• **What needs to be done**
Verbatim output required. Print the data in full.

• **Data under study**
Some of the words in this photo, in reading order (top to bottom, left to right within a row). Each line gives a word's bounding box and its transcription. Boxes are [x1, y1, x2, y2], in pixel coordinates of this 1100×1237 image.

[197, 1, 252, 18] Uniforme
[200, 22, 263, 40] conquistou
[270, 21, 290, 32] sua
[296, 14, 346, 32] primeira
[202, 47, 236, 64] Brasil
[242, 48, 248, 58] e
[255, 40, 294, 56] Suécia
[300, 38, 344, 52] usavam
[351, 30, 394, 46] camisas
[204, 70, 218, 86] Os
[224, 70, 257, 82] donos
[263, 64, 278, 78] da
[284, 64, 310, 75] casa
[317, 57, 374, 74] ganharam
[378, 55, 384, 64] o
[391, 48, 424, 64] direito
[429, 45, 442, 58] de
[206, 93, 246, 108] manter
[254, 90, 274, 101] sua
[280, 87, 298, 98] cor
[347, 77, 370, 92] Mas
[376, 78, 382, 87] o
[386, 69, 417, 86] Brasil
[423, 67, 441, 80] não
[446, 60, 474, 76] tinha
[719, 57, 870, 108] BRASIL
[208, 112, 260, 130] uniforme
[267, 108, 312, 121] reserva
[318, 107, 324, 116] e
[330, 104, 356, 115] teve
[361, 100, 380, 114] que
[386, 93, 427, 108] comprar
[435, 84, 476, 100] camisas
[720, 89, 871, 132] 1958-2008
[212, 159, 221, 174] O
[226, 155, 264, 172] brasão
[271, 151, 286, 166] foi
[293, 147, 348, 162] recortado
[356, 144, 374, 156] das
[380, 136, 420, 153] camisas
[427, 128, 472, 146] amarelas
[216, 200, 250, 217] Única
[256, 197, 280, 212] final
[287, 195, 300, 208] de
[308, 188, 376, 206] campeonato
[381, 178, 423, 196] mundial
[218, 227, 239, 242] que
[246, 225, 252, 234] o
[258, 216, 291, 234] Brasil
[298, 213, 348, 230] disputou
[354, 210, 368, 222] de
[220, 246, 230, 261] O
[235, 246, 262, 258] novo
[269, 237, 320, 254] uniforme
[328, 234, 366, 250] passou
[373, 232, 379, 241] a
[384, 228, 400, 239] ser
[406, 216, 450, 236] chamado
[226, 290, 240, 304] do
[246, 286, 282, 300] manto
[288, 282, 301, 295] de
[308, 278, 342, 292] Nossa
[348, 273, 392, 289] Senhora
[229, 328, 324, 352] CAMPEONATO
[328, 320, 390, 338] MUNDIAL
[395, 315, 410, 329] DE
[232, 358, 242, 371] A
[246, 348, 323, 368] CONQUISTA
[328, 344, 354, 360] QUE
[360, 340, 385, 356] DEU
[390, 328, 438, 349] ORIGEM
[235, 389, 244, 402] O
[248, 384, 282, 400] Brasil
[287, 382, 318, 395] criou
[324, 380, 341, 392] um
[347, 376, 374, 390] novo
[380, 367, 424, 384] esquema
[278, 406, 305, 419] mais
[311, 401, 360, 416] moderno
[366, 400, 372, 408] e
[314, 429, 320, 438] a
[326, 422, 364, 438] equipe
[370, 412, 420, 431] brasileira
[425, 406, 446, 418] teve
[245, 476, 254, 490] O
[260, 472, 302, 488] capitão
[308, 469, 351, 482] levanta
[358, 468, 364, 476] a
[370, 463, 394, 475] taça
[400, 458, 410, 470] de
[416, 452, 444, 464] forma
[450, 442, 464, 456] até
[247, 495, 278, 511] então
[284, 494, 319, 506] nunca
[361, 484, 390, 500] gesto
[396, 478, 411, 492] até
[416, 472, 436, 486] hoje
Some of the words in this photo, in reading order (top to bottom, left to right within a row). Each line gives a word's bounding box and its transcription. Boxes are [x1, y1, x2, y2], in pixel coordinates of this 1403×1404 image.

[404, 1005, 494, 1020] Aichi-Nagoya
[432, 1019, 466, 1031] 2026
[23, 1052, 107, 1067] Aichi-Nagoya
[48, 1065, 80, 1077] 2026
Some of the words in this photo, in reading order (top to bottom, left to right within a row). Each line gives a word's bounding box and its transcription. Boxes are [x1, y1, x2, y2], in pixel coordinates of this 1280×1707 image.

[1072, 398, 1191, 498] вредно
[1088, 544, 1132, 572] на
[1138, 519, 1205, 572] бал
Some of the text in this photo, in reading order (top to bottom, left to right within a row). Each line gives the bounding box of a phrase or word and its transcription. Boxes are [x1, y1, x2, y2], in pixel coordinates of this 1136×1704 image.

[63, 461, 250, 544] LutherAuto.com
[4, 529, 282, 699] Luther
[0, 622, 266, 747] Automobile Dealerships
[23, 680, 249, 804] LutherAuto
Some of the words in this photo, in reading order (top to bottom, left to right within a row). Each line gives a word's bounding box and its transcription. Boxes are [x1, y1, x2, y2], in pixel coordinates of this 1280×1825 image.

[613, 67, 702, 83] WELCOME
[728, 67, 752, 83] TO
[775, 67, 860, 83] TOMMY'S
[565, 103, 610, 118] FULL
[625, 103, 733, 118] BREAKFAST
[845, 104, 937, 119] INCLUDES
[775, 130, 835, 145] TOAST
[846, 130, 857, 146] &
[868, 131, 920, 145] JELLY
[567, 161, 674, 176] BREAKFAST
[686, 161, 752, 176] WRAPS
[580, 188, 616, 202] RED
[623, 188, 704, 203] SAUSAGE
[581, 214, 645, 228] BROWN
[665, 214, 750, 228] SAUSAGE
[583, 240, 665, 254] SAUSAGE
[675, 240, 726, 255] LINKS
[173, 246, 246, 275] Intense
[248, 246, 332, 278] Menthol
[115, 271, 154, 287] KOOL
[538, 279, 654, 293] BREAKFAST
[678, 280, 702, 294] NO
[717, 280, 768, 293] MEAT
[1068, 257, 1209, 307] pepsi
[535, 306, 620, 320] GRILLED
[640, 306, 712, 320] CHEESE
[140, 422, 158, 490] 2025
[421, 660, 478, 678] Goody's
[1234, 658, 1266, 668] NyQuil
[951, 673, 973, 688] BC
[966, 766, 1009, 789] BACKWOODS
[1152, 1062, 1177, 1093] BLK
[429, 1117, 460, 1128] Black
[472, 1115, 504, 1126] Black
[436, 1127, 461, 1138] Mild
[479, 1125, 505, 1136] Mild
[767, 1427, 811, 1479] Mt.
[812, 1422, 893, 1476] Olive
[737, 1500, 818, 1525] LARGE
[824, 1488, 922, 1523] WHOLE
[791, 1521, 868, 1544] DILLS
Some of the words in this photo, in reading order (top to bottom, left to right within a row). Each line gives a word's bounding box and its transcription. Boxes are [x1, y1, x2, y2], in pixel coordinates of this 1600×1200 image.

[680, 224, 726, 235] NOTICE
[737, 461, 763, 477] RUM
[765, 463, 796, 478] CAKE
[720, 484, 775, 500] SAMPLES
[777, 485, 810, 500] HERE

• **Written response**
Some of the words in this photo, in reading order (top to bottom, left to right within a row). Each line gives a word's bounding box and its transcription. Boxes are [x1, y1, x2, y2], in pixel coordinates of this 1100×1237 image.

[197, 1, 252, 18] Uniforme
[200, 22, 263, 40] conquistou
[270, 21, 290, 32] sua
[296, 14, 346, 32] primeira
[202, 47, 236, 64] Brasil
[242, 48, 248, 58] e
[255, 40, 294, 56] Suécia
[300, 38, 344, 52] usavam
[351, 30, 394, 46] camisas
[204, 70, 218, 86] Os
[224, 70, 257, 82] donos
[263, 64, 278, 78] da
[284, 64, 310, 75] casa
[317, 57, 374, 74] ganharam
[378, 55, 384, 64] o
[391, 48, 424, 64] direito
[429, 45, 442, 58] de
[206, 93, 246, 108] manter
[254, 90, 274, 101] sua
[280, 87, 298, 98] cor
[347, 77, 370, 92] Mas
[376, 78, 382, 87] o
[386, 69, 417, 86] Brasil
[423, 67, 441, 80] não
[446, 60, 474, 76] tinha
[719, 57, 870, 108] BRASIL
[208, 112, 260, 130] uniforme
[267, 108, 312, 121] reserva
[318, 107, 324, 116] e
[330, 104, 356, 115] teve
[361, 100, 380, 114] que
[386, 93, 427, 108] comprar
[435, 84, 476, 100] camisas
[720, 89, 871, 132] 1958-2008
[212, 159, 221, 174] O
[226, 155, 264, 172] brasão
[271, 151, 286, 166] foi
[293, 147, 348, 162] recortado
[356, 144, 374, 156] das
[380, 136, 420, 153] camisas
[427, 128, 472, 146] amarelas
[216, 200, 250, 217] Única
[256, 197, 280, 212] final
[287, 195, 300, 208] de
[308, 188, 376, 206] campeonato
[381, 178, 423, 196] mundial
[218, 227, 239, 242] que
[246, 225, 252, 234] o
[258, 216, 291, 234] Brasil
[298, 213, 348, 230] disputou
[354, 210, 368, 222] de
[220, 246, 230, 261] O
[235, 246, 262, 258] novo
[269, 237, 320, 254] uniforme
[328, 234, 366, 250] passou
[373, 232, 379, 241] a
[384, 228, 400, 239] ser
[406, 216, 450, 236] chamado
[226, 290, 240, 304] do
[246, 286, 282, 300] manto
[288, 282, 301, 295] de
[308, 278, 342, 292] Nossa
[348, 273, 392, 289] Senhora
[229, 328, 324, 352] CAMPEONATO
[328, 320, 390, 338] MUNDIAL
[395, 315, 410, 329] DE
[232, 358, 242, 371] A
[246, 348, 323, 368] CONQUISTA
[328, 344, 354, 360] QUE
[360, 340, 385, 356] DEU
[390, 328, 438, 349] ORIGEM
[235, 389, 244, 402] O
[248, 384, 282, 400] Brasil
[287, 382, 318, 395] criou
[324, 380, 341, 392] um
[347, 376, 374, 390] novo
[380, 367, 424, 384] esquema
[278, 406, 305, 419] mais
[311, 401, 360, 416] moderno
[366, 400, 372, 408] e
[314, 429, 320, 438] a
[326, 422, 364, 438] equipe
[370, 412, 420, 431] brasileira
[425, 406, 446, 418] teve
[245, 476, 254, 490] O
[260, 472, 302, 488] capitão
[308, 469, 351, 482] levanta
[358, 468, 364, 476] a
[370, 463, 394, 475] taça
[400, 458, 410, 470] de
[416, 452, 444, 464] forma
[450, 442, 464, 456] até
[247, 495, 278, 511] então
[284, 494, 319, 506] nunca
[361, 484, 390, 500] gesto
[396, 478, 411, 492] até
[416, 472, 436, 486] hoje
Some of the words in this photo, in reading order (top to bottom, left to right within a row). Each line gives a word's bounding box and its transcription. Boxes are [x1, y1, x2, y2], in pixel coordinates of this 1403×1404 image.

[404, 1005, 494, 1020] Aichi-Nagoya
[432, 1019, 466, 1031] 2026
[23, 1052, 107, 1067] Aichi-Nagoya
[48, 1065, 80, 1077] 2026
Some of the words in this photo, in reading order (top to bottom, left to right within a row). Each line gives a word's bounding box and its transcription. Boxes are [x1, y1, x2, y2], in pixel coordinates of this 1280×1707 image.

[1072, 398, 1191, 498] вредно
[1088, 544, 1132, 572] на
[1138, 519, 1205, 572] бал
Some of the text in this photo, in reading order (top to bottom, left to right within a row). Each line gives the bounding box of a phrase or word and its transcription. Boxes are [x1, y1, x2, y2], in pixel coordinates of this 1136×1704 image.

[63, 461, 250, 544] LutherAuto.com
[4, 529, 282, 699] Luther
[0, 622, 266, 747] Automobile Dealerships
[23, 680, 249, 804] LutherAuto
Some of the words in this photo, in reading order (top to bottom, left to right within a row). Each line gives a word's bounding box and its transcription. Boxes are [x1, y1, x2, y2], in pixel coordinates of this 1280×1825 image.

[613, 67, 702, 83] WELCOME
[728, 67, 752, 83] TO
[775, 67, 860, 83] TOMMY'S
[565, 103, 610, 118] FULL
[625, 103, 733, 118] BREAKFAST
[845, 104, 937, 119] INCLUDES
[775, 130, 835, 145] TOAST
[846, 130, 857, 146] &
[868, 131, 920, 145] JELLY
[567, 161, 674, 176] BREAKFAST
[686, 161, 752, 176] WRAPS
[580, 188, 616, 202] RED
[623, 188, 704, 203] SAUSAGE
[581, 214, 645, 228] BROWN
[665, 214, 750, 228] SAUSAGE
[583, 240, 665, 254] SAUSAGE
[675, 240, 726, 255] LINKS
[173, 246, 246, 275] Intense
[248, 246, 332, 278] Menthol
[115, 271, 154, 287] KOOL
[538, 279, 654, 293] BREAKFAST
[678, 280, 702, 294] NO
[717, 280, 768, 293] MEAT
[1068, 257, 1209, 307] pepsi
[535, 306, 620, 320] GRILLED
[640, 306, 712, 320] CHEESE
[140, 422, 158, 490] 2025
[421, 660, 478, 678] Goody's
[1234, 658, 1266, 668] NyQuil
[951, 673, 973, 688] BC
[966, 766, 1009, 789] BACKWOODS
[1152, 1062, 1177, 1093] BLK
[429, 1117, 460, 1128] Black
[472, 1115, 504, 1126] Black
[436, 1127, 461, 1138] Mild
[479, 1125, 505, 1136] Mild
[767, 1427, 811, 1479] Mt.
[812, 1422, 893, 1476] Olive
[737, 1500, 818, 1525] LARGE
[824, 1488, 922, 1523] WHOLE
[791, 1521, 868, 1544] DILLS
Some of the words in this photo, in reading order (top to bottom, left to right within a row). Each line gives a word's bounding box and its transcription. Boxes are [x1, y1, x2, y2], in pixel coordinates of this 1600×1200 image.

[680, 224, 726, 235] NOTICE
[737, 461, 763, 477] RUM
[765, 463, 796, 478] CAKE
[720, 484, 775, 500] SAMPLES
[777, 485, 810, 500] HERE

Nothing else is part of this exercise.